Task goal ::
Repeat the data word for word. Do not include the pictures.

Data for review ::
····················

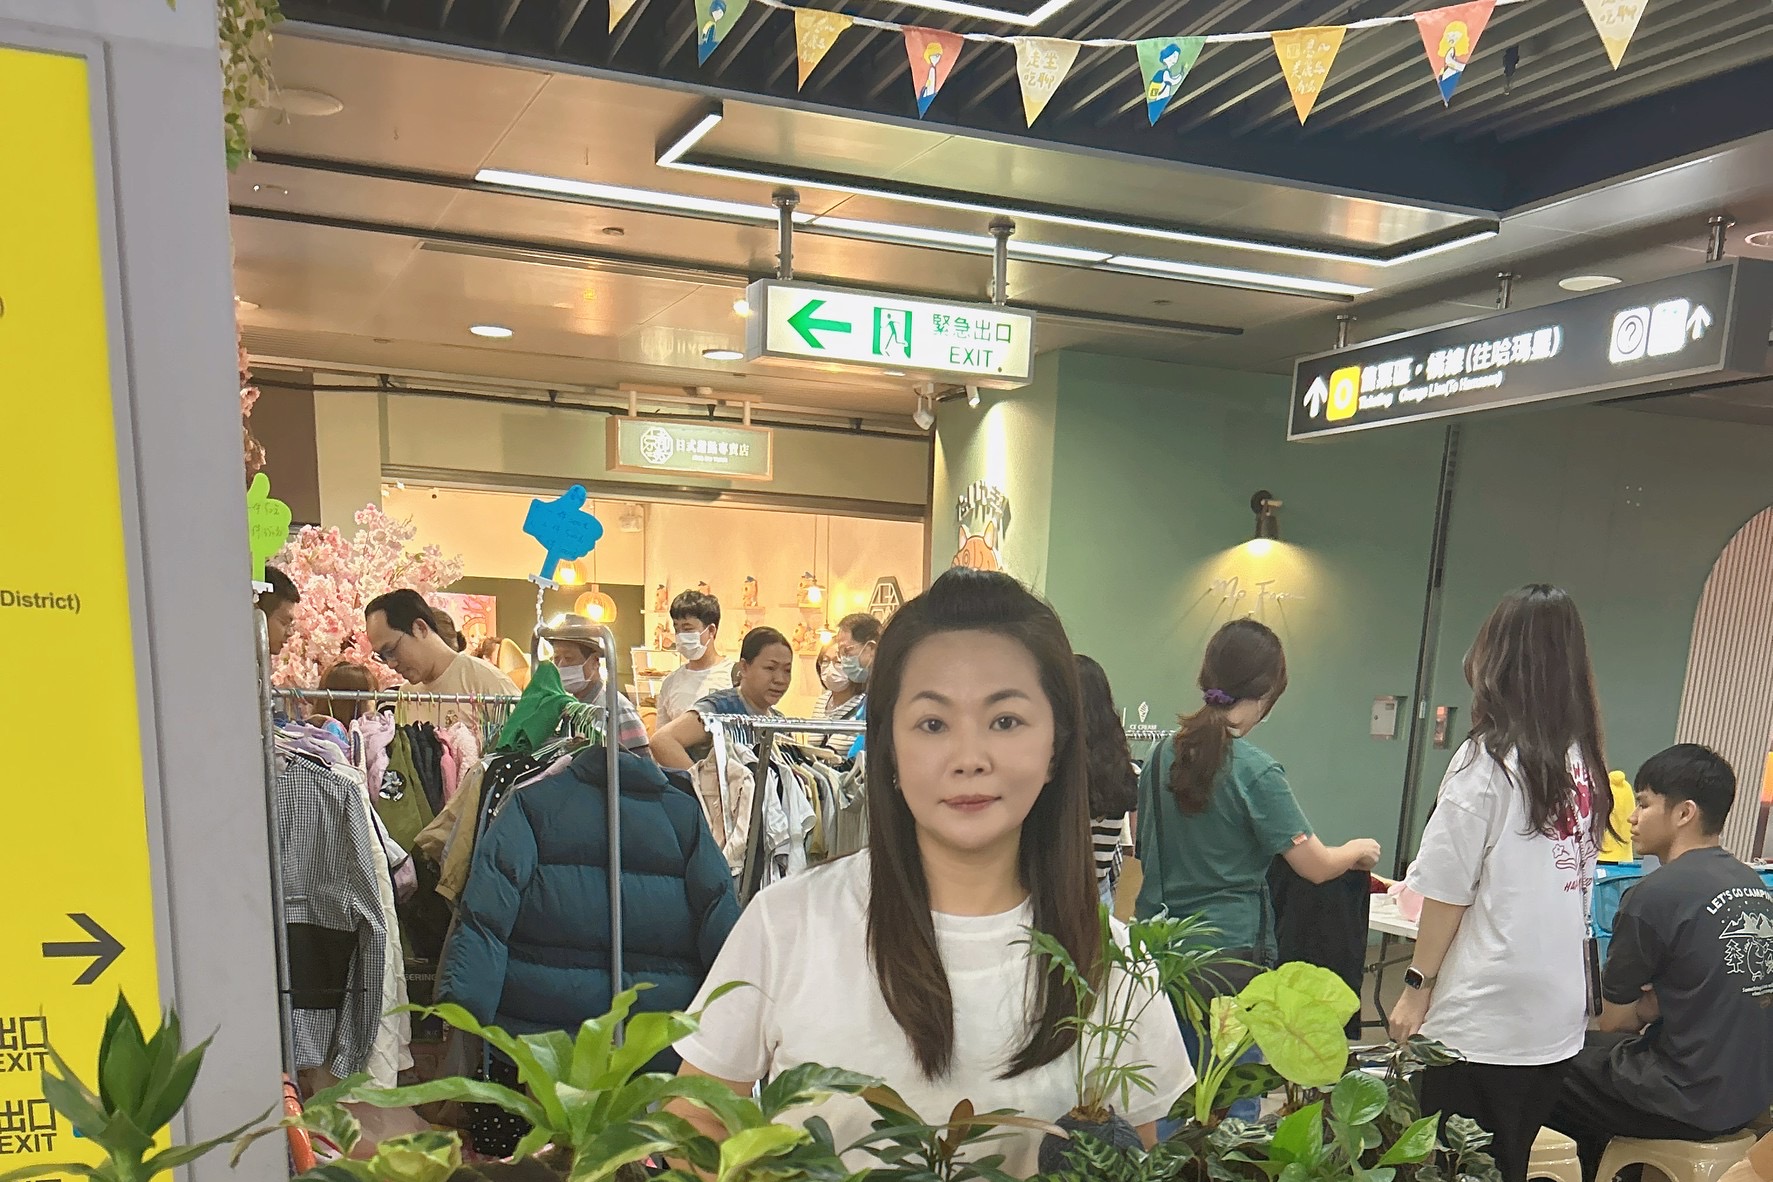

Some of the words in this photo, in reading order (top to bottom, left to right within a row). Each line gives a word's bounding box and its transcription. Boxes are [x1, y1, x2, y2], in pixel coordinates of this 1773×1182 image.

[932, 313, 1012, 343] 緊急出口
[949, 346, 994, 367] EXIT
[0, 590, 81, 615] District)
[1706, 890, 1733, 916] LET'S
[1731, 887, 1743, 899] GO
[0, 1099, 57, 1133] 出口
[0, 1132, 57, 1154] EXIT
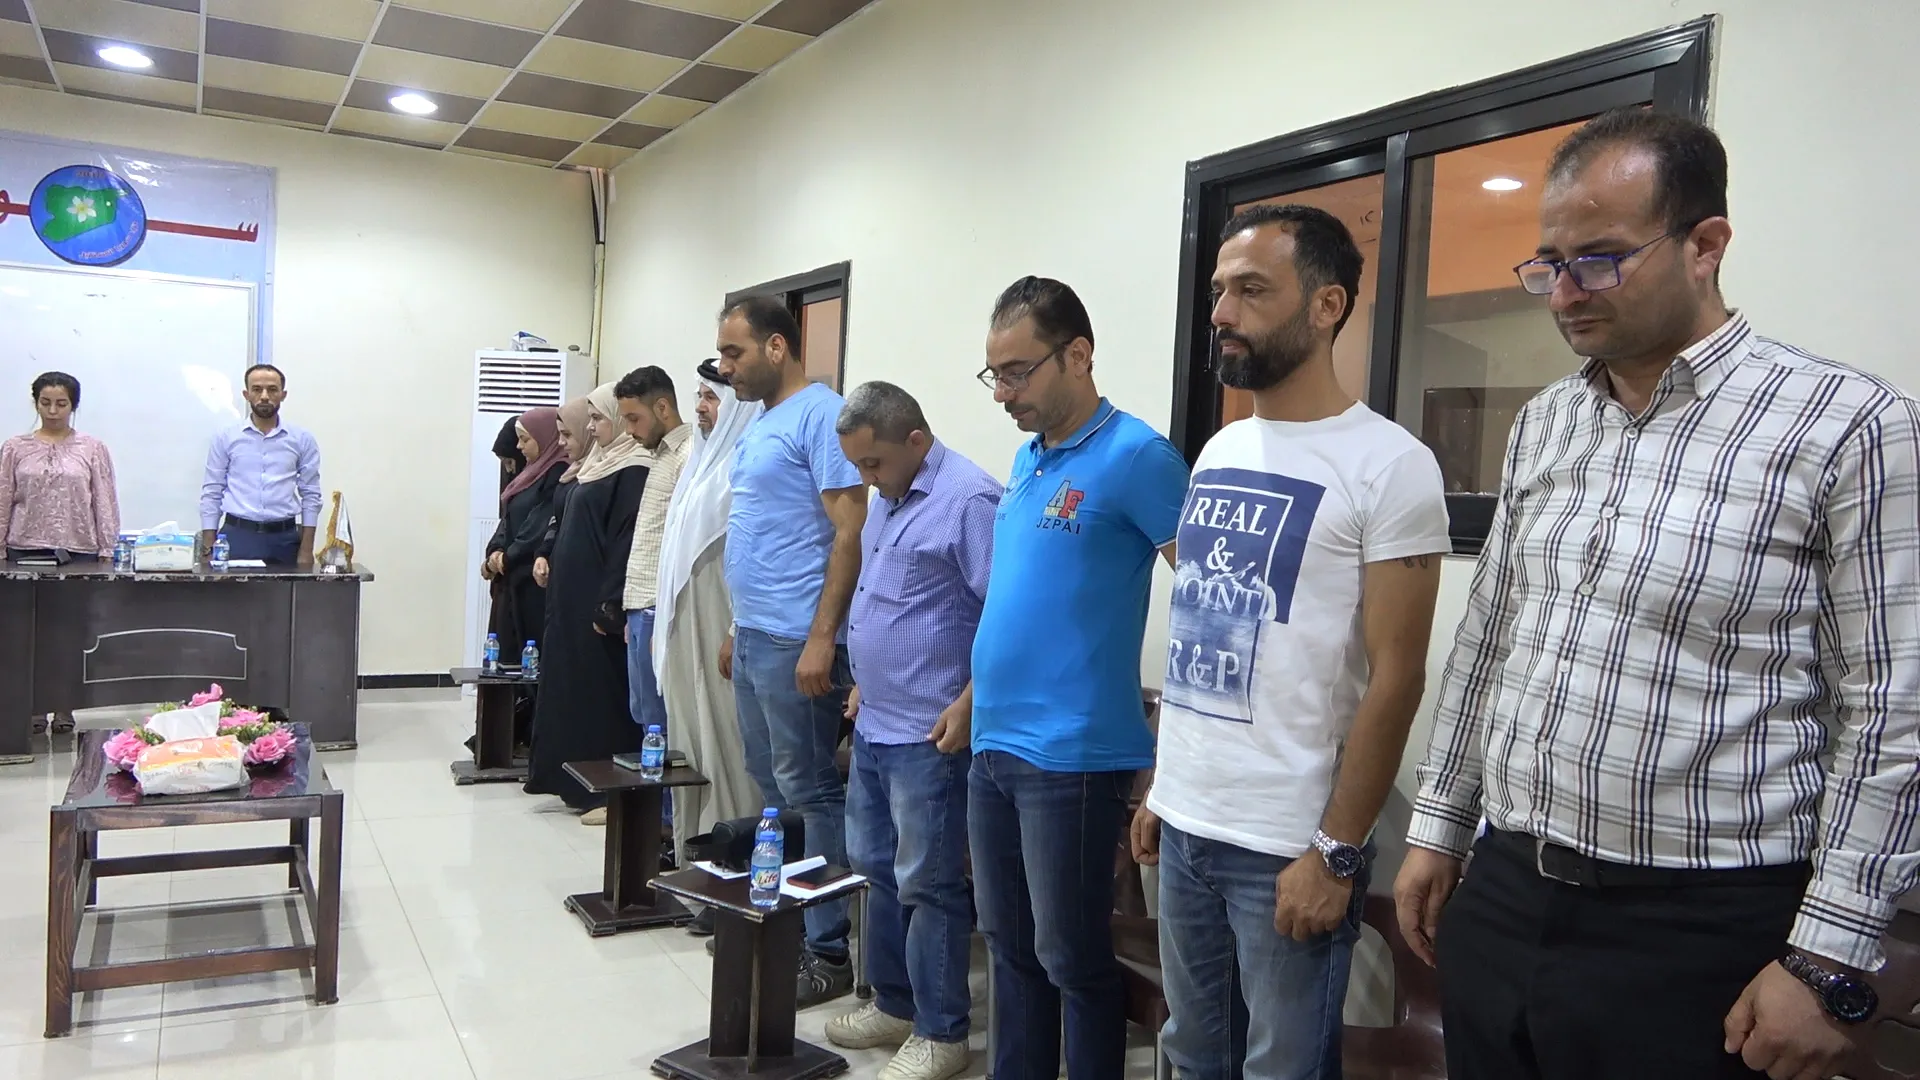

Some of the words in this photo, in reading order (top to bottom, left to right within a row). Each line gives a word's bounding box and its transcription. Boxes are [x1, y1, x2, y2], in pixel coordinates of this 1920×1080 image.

[1187, 497, 1268, 536] REAL
[1206, 536, 1234, 572] &
[758, 872, 777, 885] Life

····················

Answer section ::
Some of the words in this photo, in reading order (top to bottom, left to right within a row). Each line gives a word's bounding box and its transcription. Boxes are [x1, y1, x2, y2], in pixel coordinates of this 1773×1182 image.

[932, 313, 1012, 343] 緊急出口
[949, 346, 994, 367] EXIT
[0, 590, 81, 615] District)
[1706, 890, 1733, 916] LET'S
[1731, 887, 1743, 899] GO
[0, 1099, 57, 1133] 出口
[0, 1132, 57, 1154] EXIT

Some of the words in this photo, in reading order (top to bottom, left to right within a row). Each line gives a word's bounding box and its transcription. Boxes are [x1, y1, x2, y2], in pixel coordinates of this 1920×1080 image.

[1187, 497, 1268, 536] REAL
[1206, 536, 1234, 572] &
[758, 872, 777, 885] Life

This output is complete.